Jumbling The Rules Of Chess, Eight Different Ways

Illustration for article titled Jumbling The Rules Of Chess, Eight Different Ways

Chess is a game of seemingly endless complexity, each new match expanding into an intricate weave of strategies, gambits, and countermoves. It only gets stranger if you decide to throw out the rulebook.

Chesses is a new browser-based game that does just that, with game modes that pack the board to the brim with pieces or make them fall “down” to the bottom. Created by Concordia University assistant professor and game designer Pippin Barr, Chesses offers eight new ways to play Chess. (Barr’s also made various games based on Greek myths.) These rules range from tame to absurd. Chance mode randomly transforms your selected piece on each turn. Lite mode automatically moves your pieces into optimal position the moment you choose one.

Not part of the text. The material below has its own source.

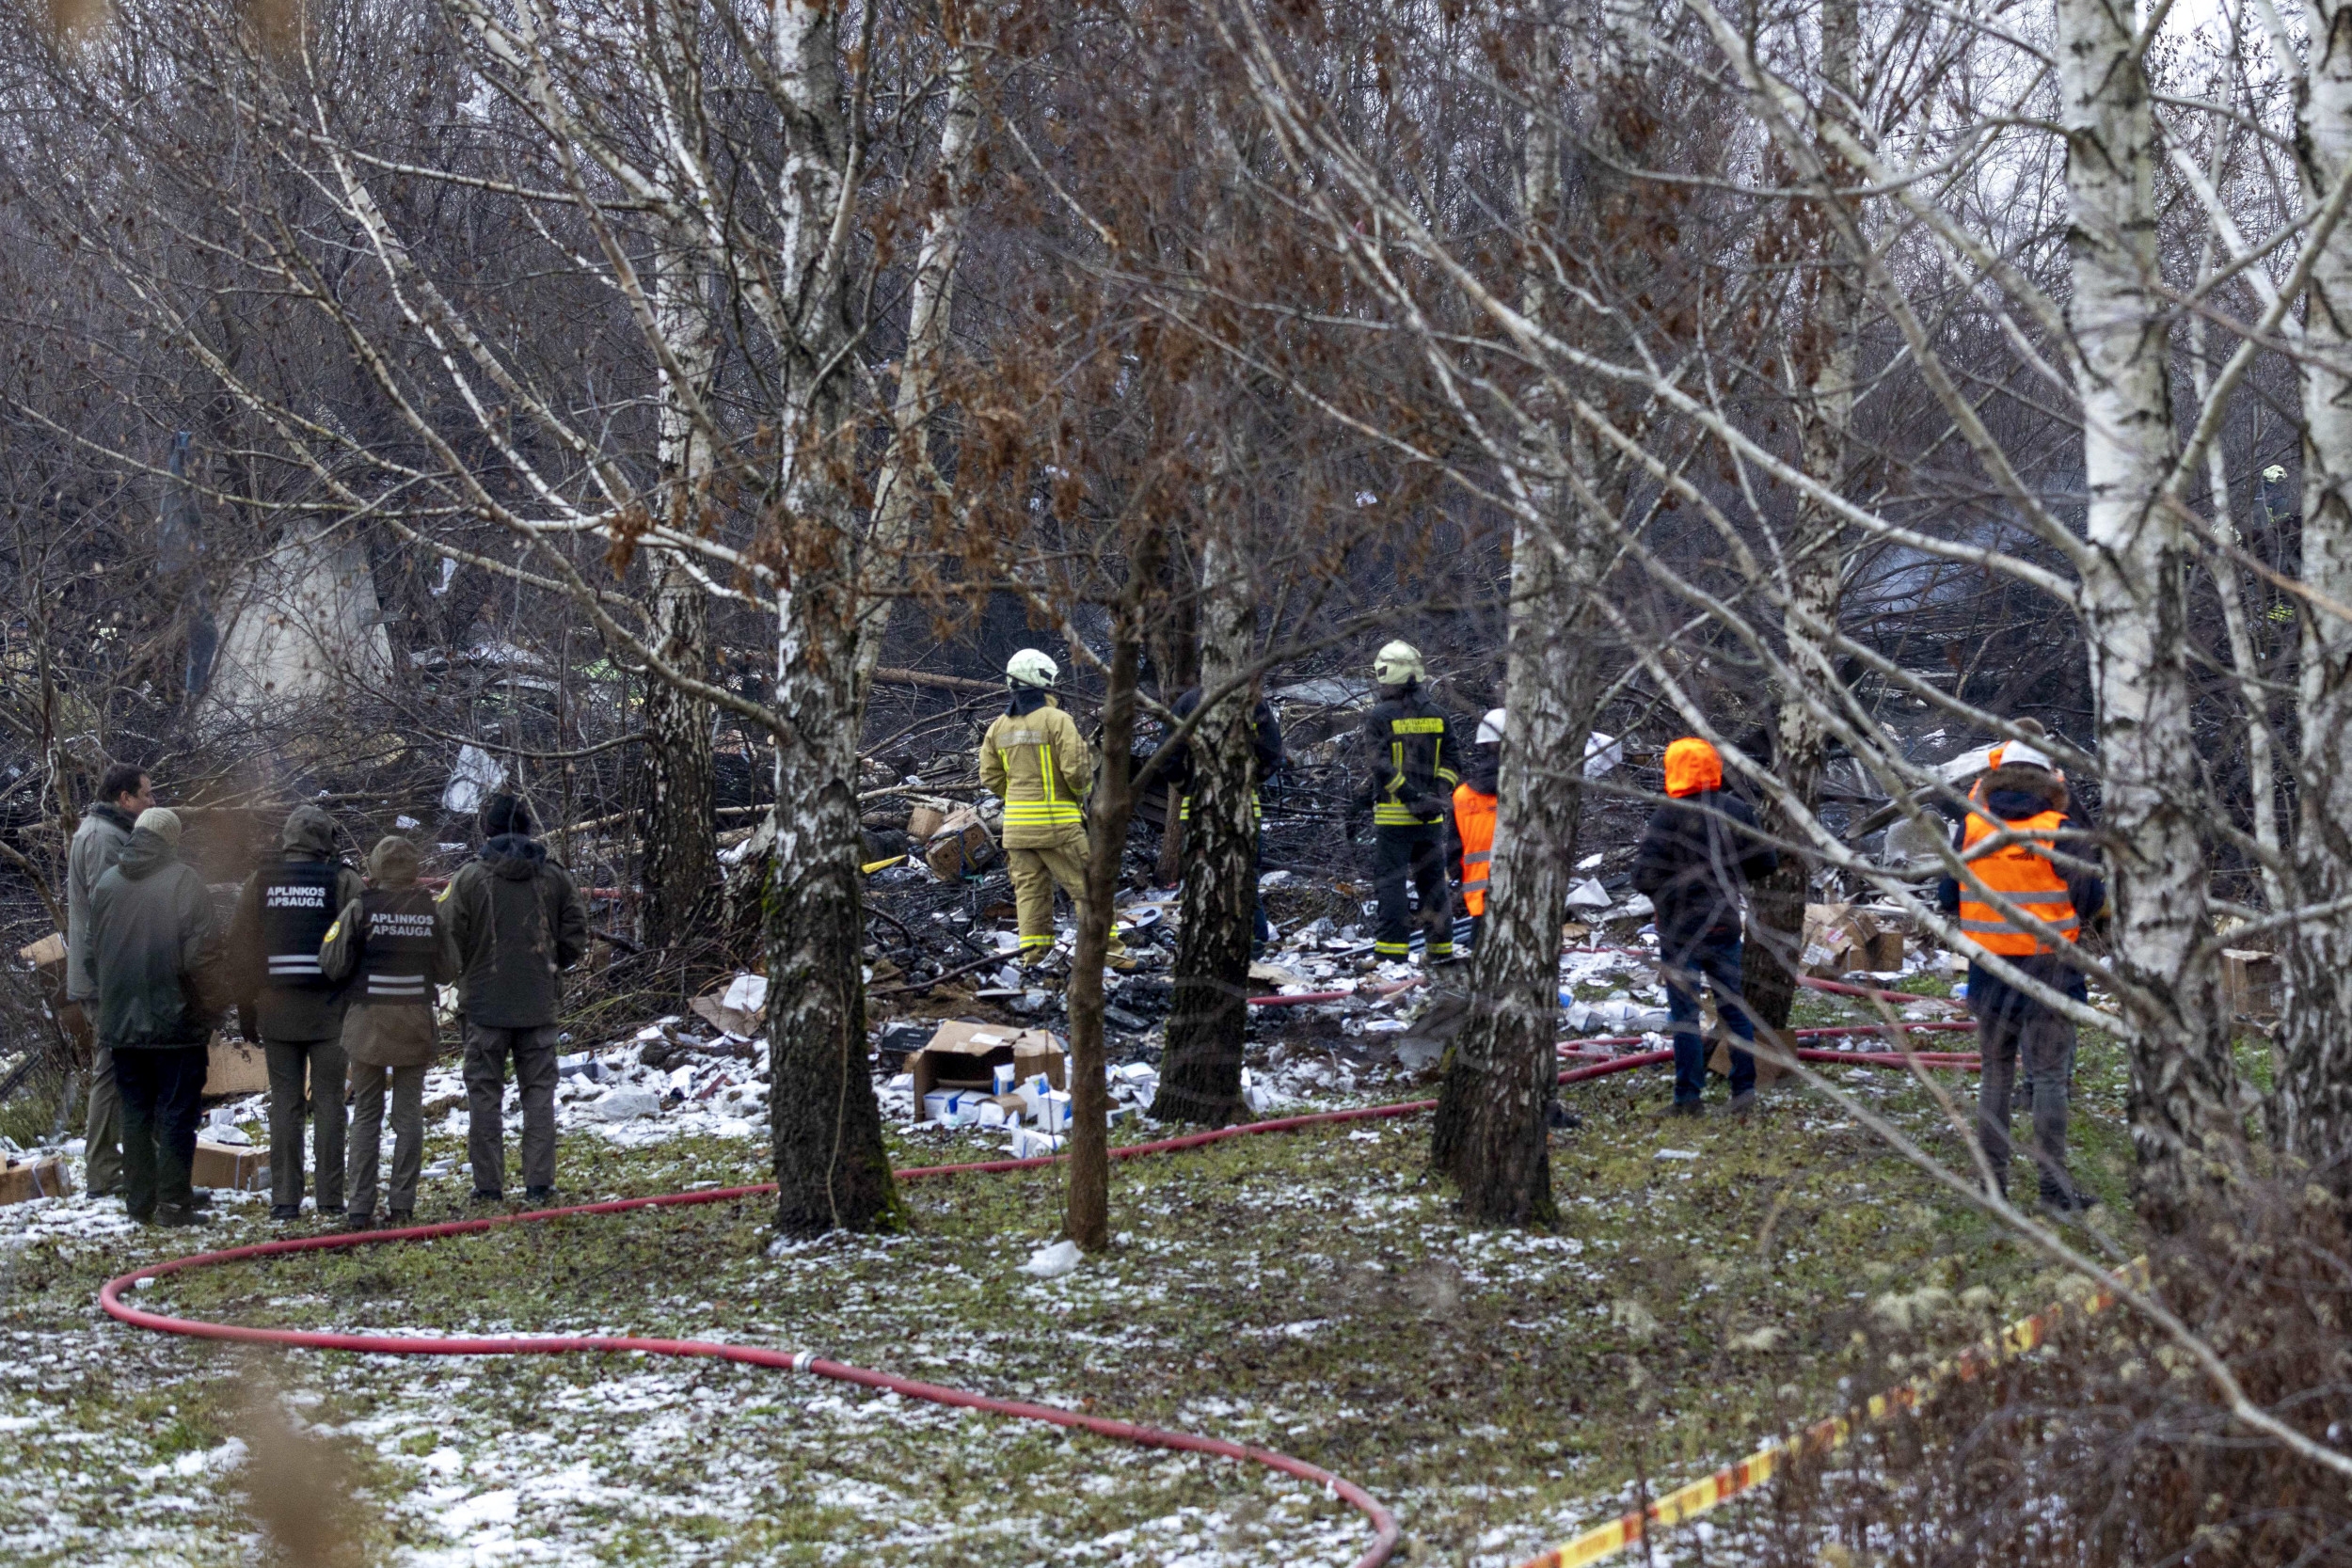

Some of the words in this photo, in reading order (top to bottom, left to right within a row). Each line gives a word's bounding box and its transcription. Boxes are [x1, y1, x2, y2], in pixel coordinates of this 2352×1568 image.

Those aren’t so bad, but it gets a little trickier in other modes, like the one where your pieces move as far as possible until they hit something, or quadruple on each turn.

These rules push Chess into strange new heights. Seeing how much the game breaks apart when rules are changes stresses how well-designed the normal version is. Chesses’ various modes are goofy, sure, but they’re a case study in how one tweak can turn a centuries-beloved classic into something that’s completely broken.

Other developers had toyed with Chess before. Zach Gage’s mobile game Really Bad Chess completely randomized each player’s pieces, leading to all kinds of scenarios. Chesses is cut from a similar cloth. It’s fun but a solid lesson in game design.

Former Senior Writer and Critic at Kotaku.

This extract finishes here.